Q: Can I make automated phone calls without consent? A: Generally no. Calls using autodialers or artificial/prerecorded voices to cell phones require prior express consent. Telemarketing requires prior express written consent [47 USC 227(b)].
Key rule (47 USC 227(b)): It is unlawful to make any call using an automatic telephone dialing system or artificial/prerecorded voice to any cell phone without prior express consent.
Rule: Consent is required for robocalls.
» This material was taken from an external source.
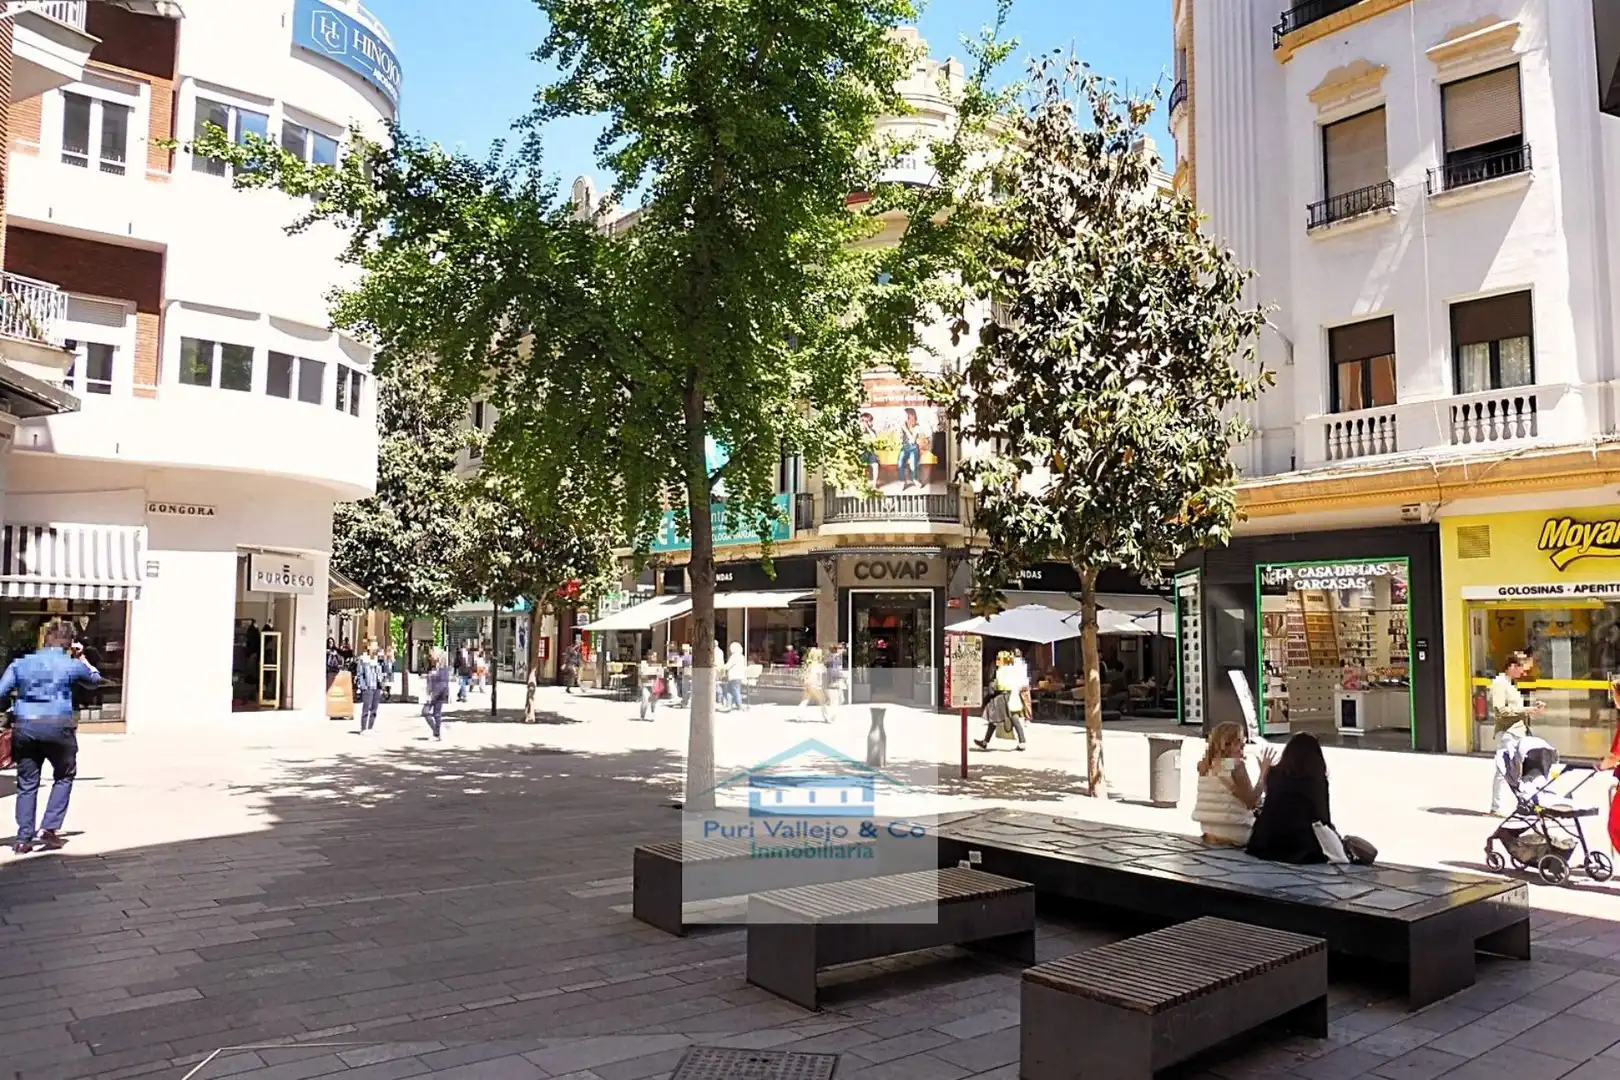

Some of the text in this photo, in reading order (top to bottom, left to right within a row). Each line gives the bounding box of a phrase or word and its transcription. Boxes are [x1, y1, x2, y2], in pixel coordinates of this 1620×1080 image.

Violations cost $500-$1,500 per call.
Applies to: Anyone making automated calls, robocalls, or telemarketing calls in the US
Key rules:
- No autodialer/robocalls to cell phones without consent [§ 227(b)(1)(A)]
- No prerecorded calls to residences without consent [§ 227(b)(1)(B)]
- Honor Do-Not-Call Registry for telemarketing [§ 227(c)]
- Identify caller and provide callback number [47 CFR 64.1200]
- AI-generated voices are “artificial” under TCPA [FCC 24-17]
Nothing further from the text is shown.